**TASK TO COMPLETE:** A faithful copy is required: transcribe each line below exactly, minus the pictures.

Saved entries

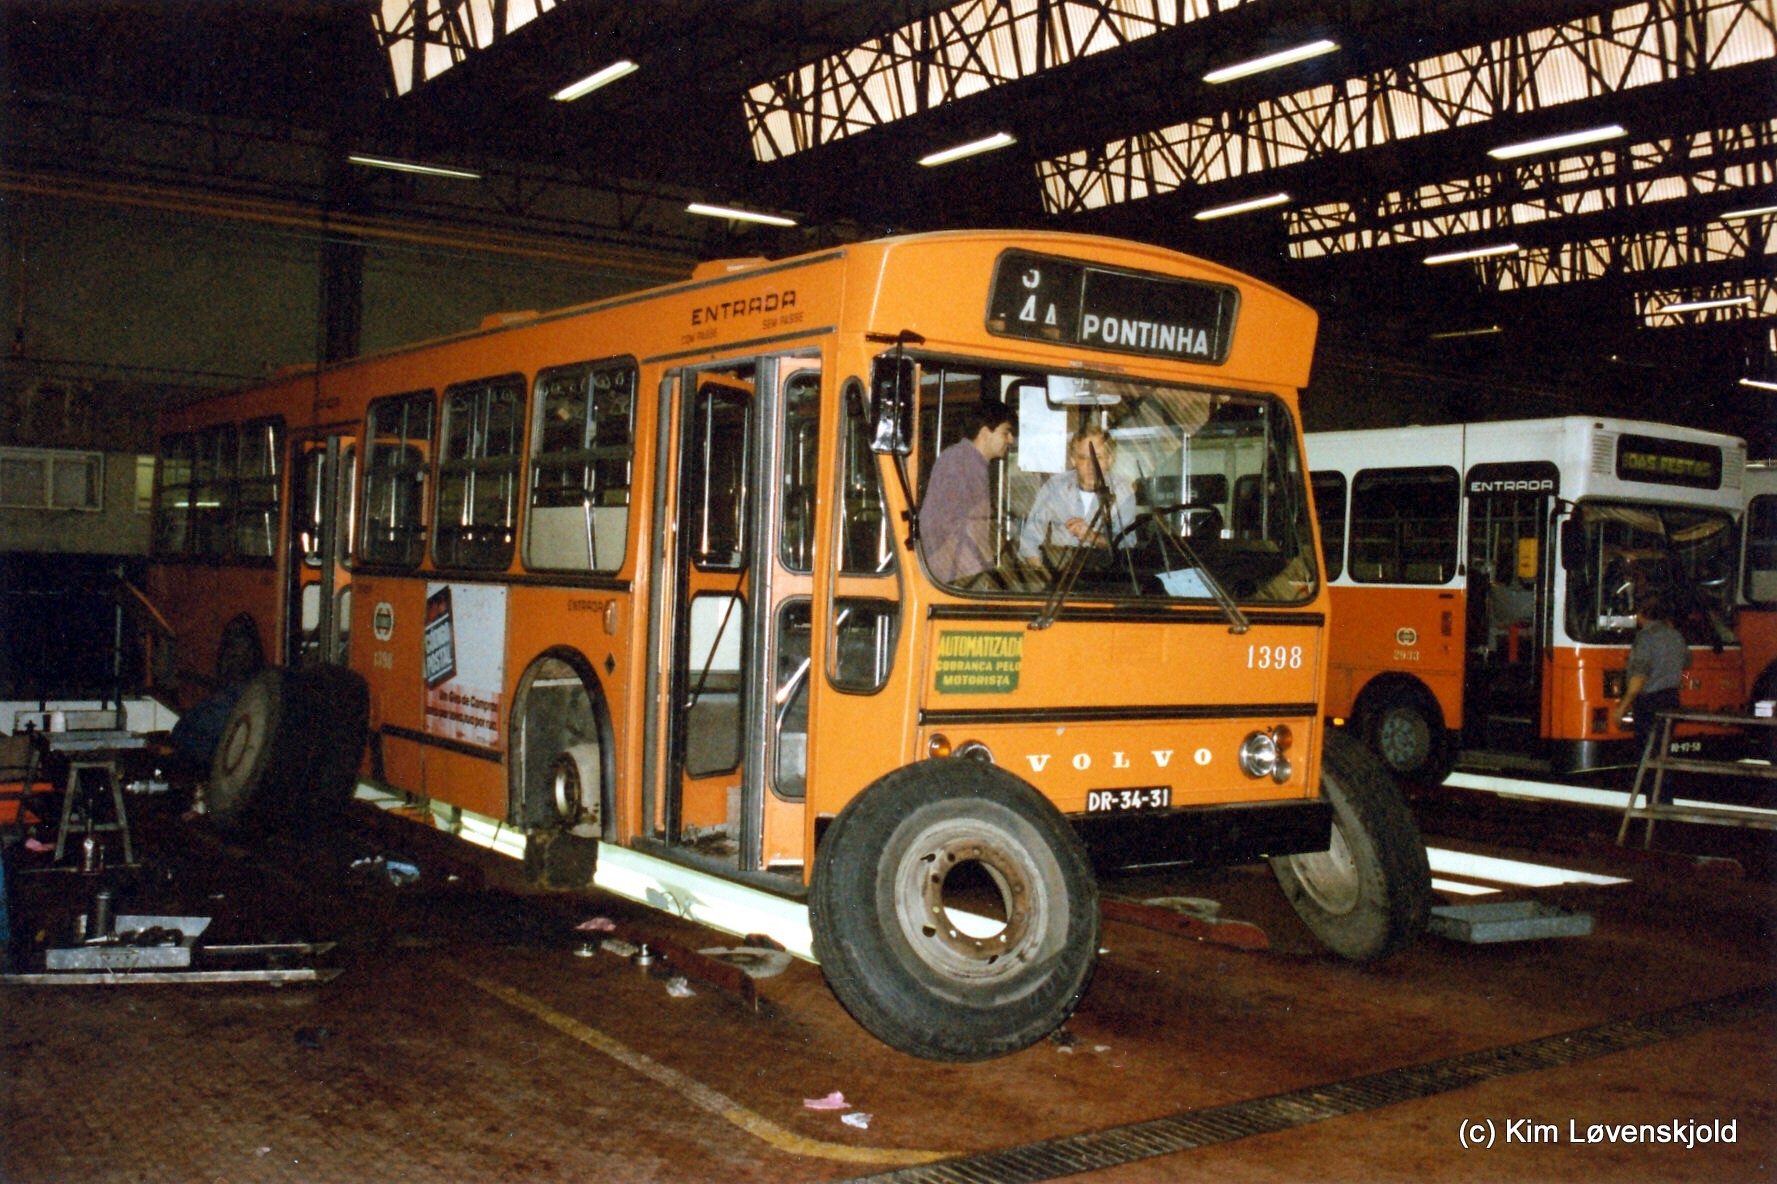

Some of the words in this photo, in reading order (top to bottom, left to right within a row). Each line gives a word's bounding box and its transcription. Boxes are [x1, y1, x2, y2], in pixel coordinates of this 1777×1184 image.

[691, 290, 796, 326] ENTRADA
[1082, 314, 1209, 355] PONTINHA
[1471, 480, 1554, 492] ENTRADA
[1247, 645, 1302, 670] 1398
[943, 675, 1010, 686] MOTORISTA
[1026, 748, 1212, 772] VOLVO
[1088, 788, 1169, 812] DR-34-31

**ANSWER TO THE EXERCISE:**
Some of the words in this photo, in reading order (top to bottom, left to right within a row). Each line gives a word's bounding box and its transcription. Boxes are [x1, y1, x2, y2], in pixel coordinates of this 1777×1184 image.

[691, 290, 796, 326] ENTRADA
[1082, 314, 1209, 355] PONTINHA
[1471, 480, 1554, 492] ENTRADA
[1247, 645, 1302, 670] 1398
[943, 675, 1010, 686] MOTORISTA
[1026, 748, 1212, 772] VOLVO
[1088, 788, 1169, 812] DR-34-31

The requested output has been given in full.